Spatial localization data
____

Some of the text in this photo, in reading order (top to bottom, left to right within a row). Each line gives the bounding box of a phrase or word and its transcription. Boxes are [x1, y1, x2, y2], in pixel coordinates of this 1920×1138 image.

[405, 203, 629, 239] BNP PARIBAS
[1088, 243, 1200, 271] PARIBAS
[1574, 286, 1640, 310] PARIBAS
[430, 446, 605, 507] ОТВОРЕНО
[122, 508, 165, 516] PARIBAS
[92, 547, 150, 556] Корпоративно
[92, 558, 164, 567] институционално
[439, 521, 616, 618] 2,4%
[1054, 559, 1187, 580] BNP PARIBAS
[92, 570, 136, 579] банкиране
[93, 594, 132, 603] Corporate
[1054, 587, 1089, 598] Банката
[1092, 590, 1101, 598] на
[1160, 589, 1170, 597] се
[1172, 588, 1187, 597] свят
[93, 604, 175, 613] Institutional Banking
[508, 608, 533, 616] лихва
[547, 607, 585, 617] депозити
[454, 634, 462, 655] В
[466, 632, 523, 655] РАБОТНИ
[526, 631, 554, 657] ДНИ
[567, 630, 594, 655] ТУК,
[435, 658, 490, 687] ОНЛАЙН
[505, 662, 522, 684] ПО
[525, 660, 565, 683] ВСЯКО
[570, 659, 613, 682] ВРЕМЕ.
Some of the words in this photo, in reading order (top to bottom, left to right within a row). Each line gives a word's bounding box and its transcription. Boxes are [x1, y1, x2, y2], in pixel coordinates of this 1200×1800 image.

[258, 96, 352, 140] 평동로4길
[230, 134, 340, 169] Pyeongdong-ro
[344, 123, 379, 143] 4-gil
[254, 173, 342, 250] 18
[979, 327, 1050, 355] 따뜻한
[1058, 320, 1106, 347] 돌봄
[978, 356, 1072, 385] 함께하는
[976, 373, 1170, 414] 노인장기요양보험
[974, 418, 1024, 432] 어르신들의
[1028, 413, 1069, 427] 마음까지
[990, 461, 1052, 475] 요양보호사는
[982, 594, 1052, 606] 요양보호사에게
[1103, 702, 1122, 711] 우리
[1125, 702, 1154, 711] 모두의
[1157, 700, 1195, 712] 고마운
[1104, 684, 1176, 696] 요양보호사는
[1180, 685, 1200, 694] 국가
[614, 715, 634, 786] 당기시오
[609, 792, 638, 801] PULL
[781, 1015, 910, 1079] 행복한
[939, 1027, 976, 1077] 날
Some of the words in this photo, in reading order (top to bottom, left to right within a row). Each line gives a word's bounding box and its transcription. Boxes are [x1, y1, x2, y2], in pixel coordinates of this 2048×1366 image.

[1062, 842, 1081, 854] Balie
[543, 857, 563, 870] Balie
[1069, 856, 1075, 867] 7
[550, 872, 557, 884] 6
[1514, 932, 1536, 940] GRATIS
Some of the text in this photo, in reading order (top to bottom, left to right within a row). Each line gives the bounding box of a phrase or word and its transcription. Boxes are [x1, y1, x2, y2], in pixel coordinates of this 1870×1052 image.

____

_Activity_. Could you print exactly the lines from the one containing "this 2048×1366 image." through the last line of the records above?

_Expected answer_.
Some of the words in this photo, in reading order (top to bottom, left to right within a row). Each line gives a word's bounding box and its transcription. Boxes are [x1, y1, x2, y2], in pixel coordinates of this 2048×1366 image.

[1062, 842, 1081, 854] Balie
[543, 857, 563, 870] Balie
[1069, 856, 1075, 867] 7
[550, 872, 557, 884] 6
[1514, 932, 1536, 940] GRATIS
Some of the text in this photo, in reading order (top to bottom, left to right within a row). Each line gives the bounding box of a phrase or word and its transcription. Boxes are [x1, y1, x2, y2], in pixel coordinates of this 1870×1052 image.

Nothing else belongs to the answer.